A arabização e islamização dos povos das províncias conquistadas, e não a conquista militar em si, é que constituem a autêntica maravilha do Império árabe. O período em que eles exerceram supremacia política e militar foi muito curto e, logo depois, viram-se obrigados a entregar o controle do império, e mesmo a liderança da civilização que haviam criado, a outros povos. A língua, a fé, e a lei, no entanto, permaneceram — e ainda permanecem — como um monumento duradouro a seu domínio.

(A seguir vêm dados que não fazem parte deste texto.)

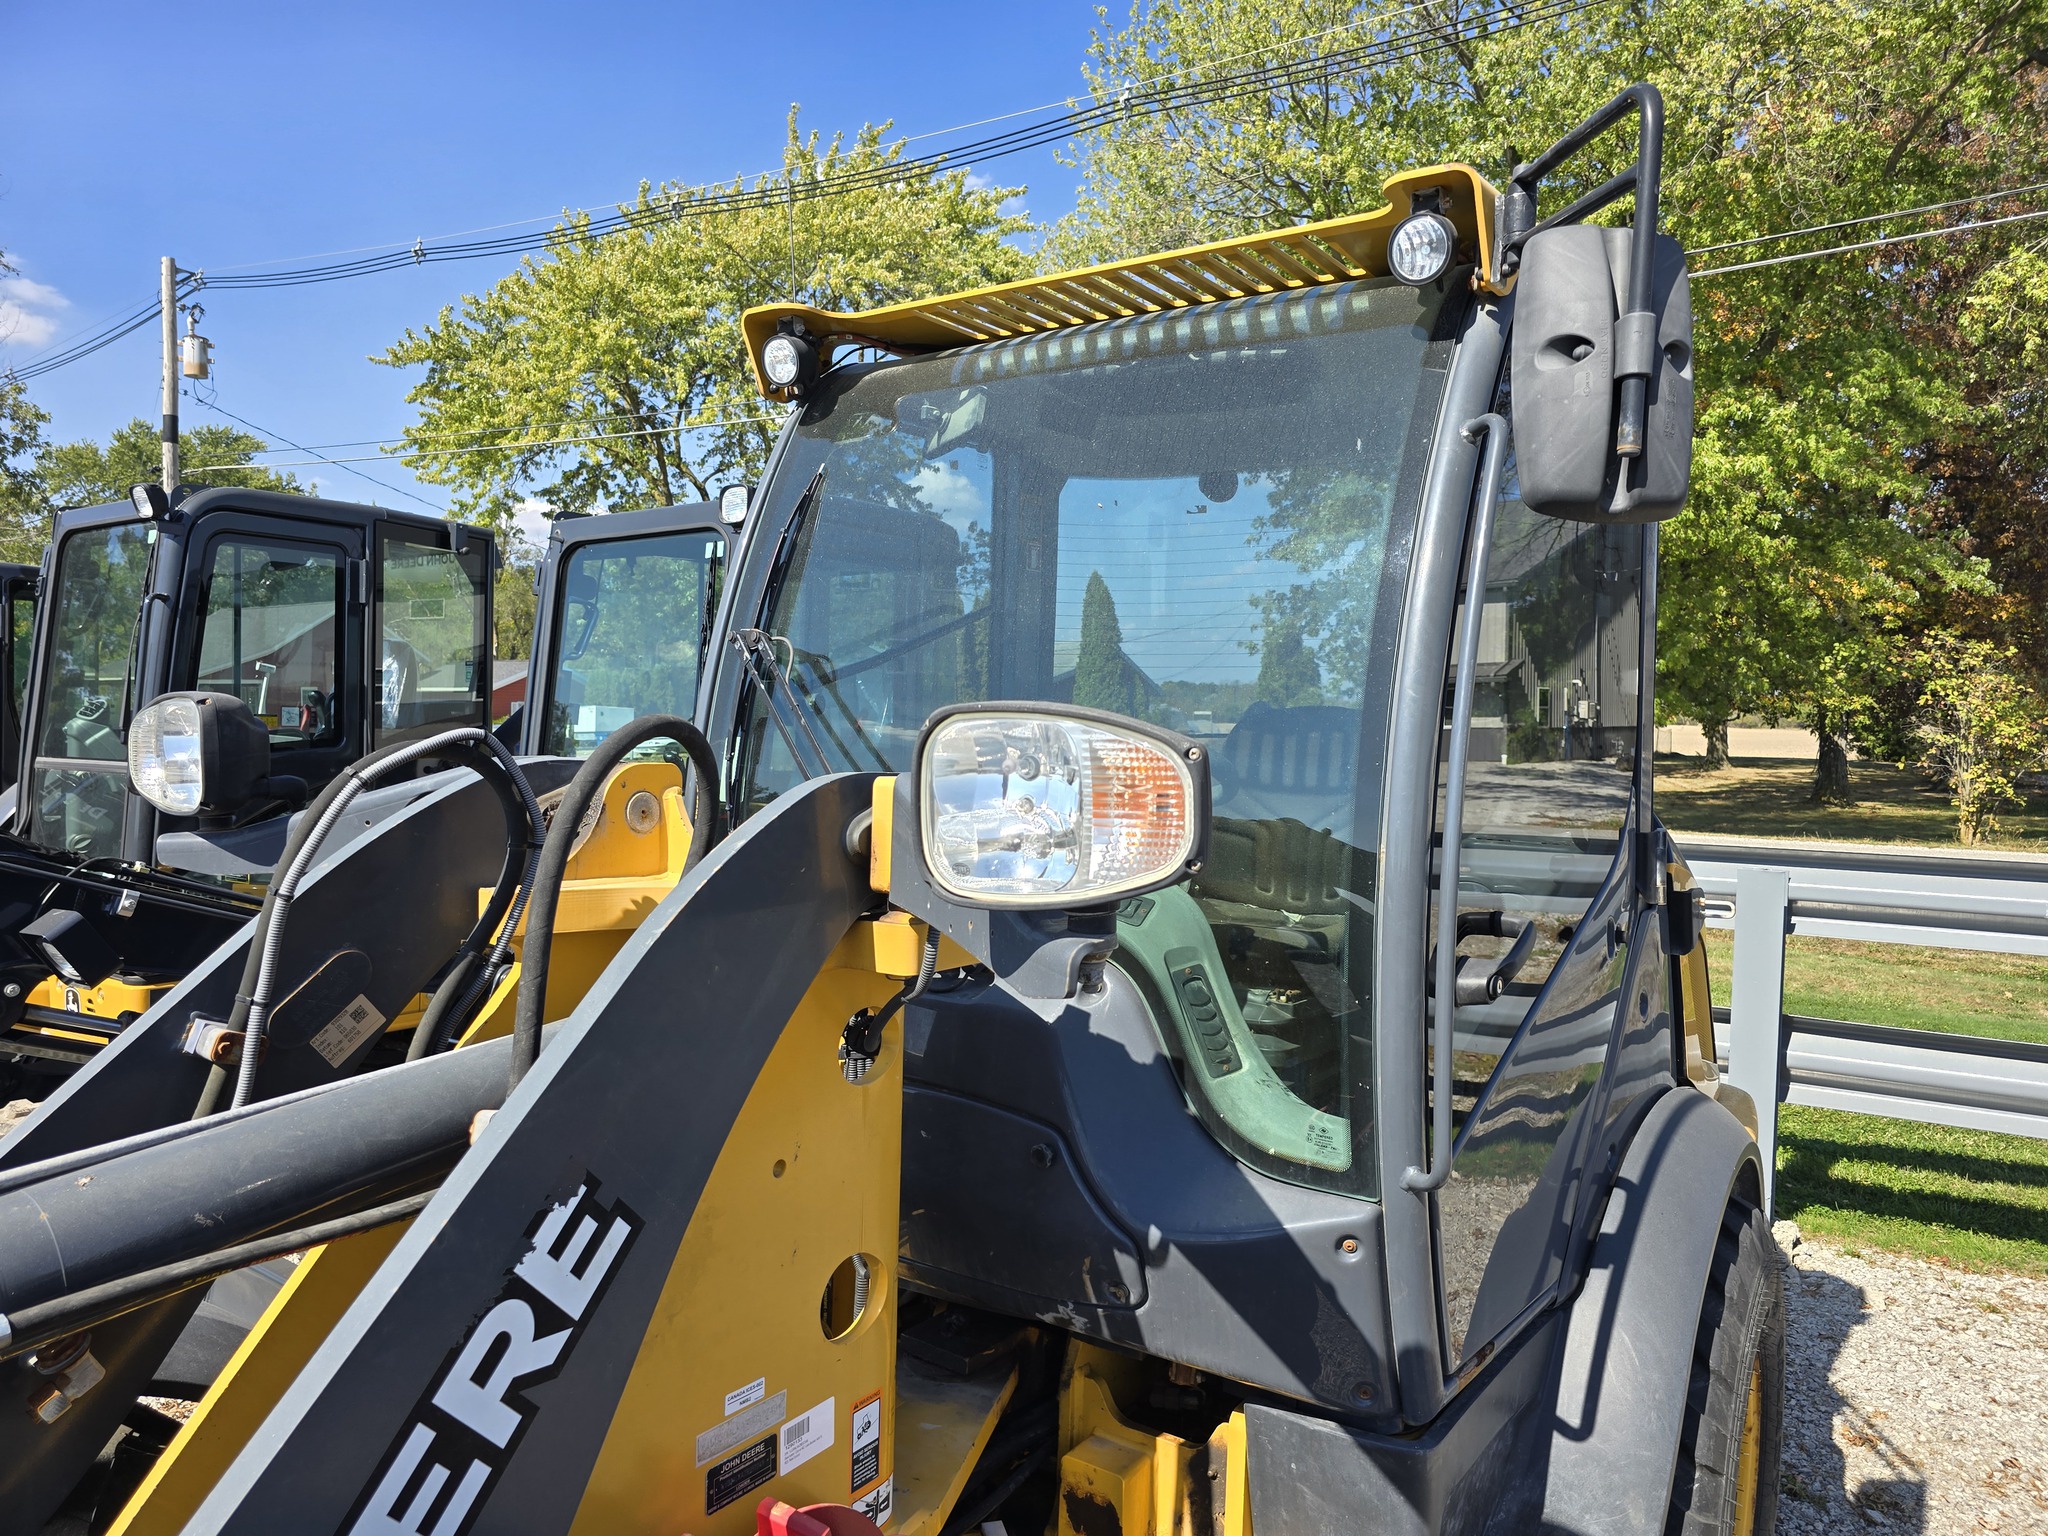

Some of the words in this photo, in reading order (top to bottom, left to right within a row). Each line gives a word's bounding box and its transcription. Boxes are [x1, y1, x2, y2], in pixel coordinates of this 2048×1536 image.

A grande mudança ocorreu principalmente através dos processos paralelos de colonização e assimilação. Segundo uma opinião largamente aceita, uma das forças propulsoras das conquistas foi a pressão demográfica na estéril península arábica. Nos primeiros anos do reino árabe, muitos foram os que cruzaram as defesas derrubadas de antigos impérios e se instalaram nas terras férteis conquistadas. No início, chegaram apenas como minoria governante — um exército de ocupação com uma classe dominante de soldados, altos funcionários e donos de terras. O Estado árabe confiscou as terras públicas dos regimes anteriores, as dos inimigos da nova ordem e as dos que fugiram com a aproximação dos conquistadores. O governo, por isso mesmo, dispunha de extensos domínios, muitos dos quais foram doados ou arrendados em condições favoráveis a árabes. Estes indivíduos pagavam uma taxa de imposto muito mais baixa do que os proprietários de terra locais que permaneciam. Os grandes latifundiários árabes cultivavam geralmente suas terras com mão-de-obra nativa e residiam nas cidades-guarnições.

Dessas cidades, a influência árabe irradiou-se para o campo em volta, tanto diretamente quanto através da população, em rápido crescimento, de conversos

nativos, muitos dos quais serviam no exército. Embora as reivindicações desses conversos à igualdade econômica e social fossem arrogantemente rejeitadas pelos que podiam alegar ascendência árabe pura, um número cada vez maior deles aceitou a fé dos conquistadores e, com ela, a língua que falavam.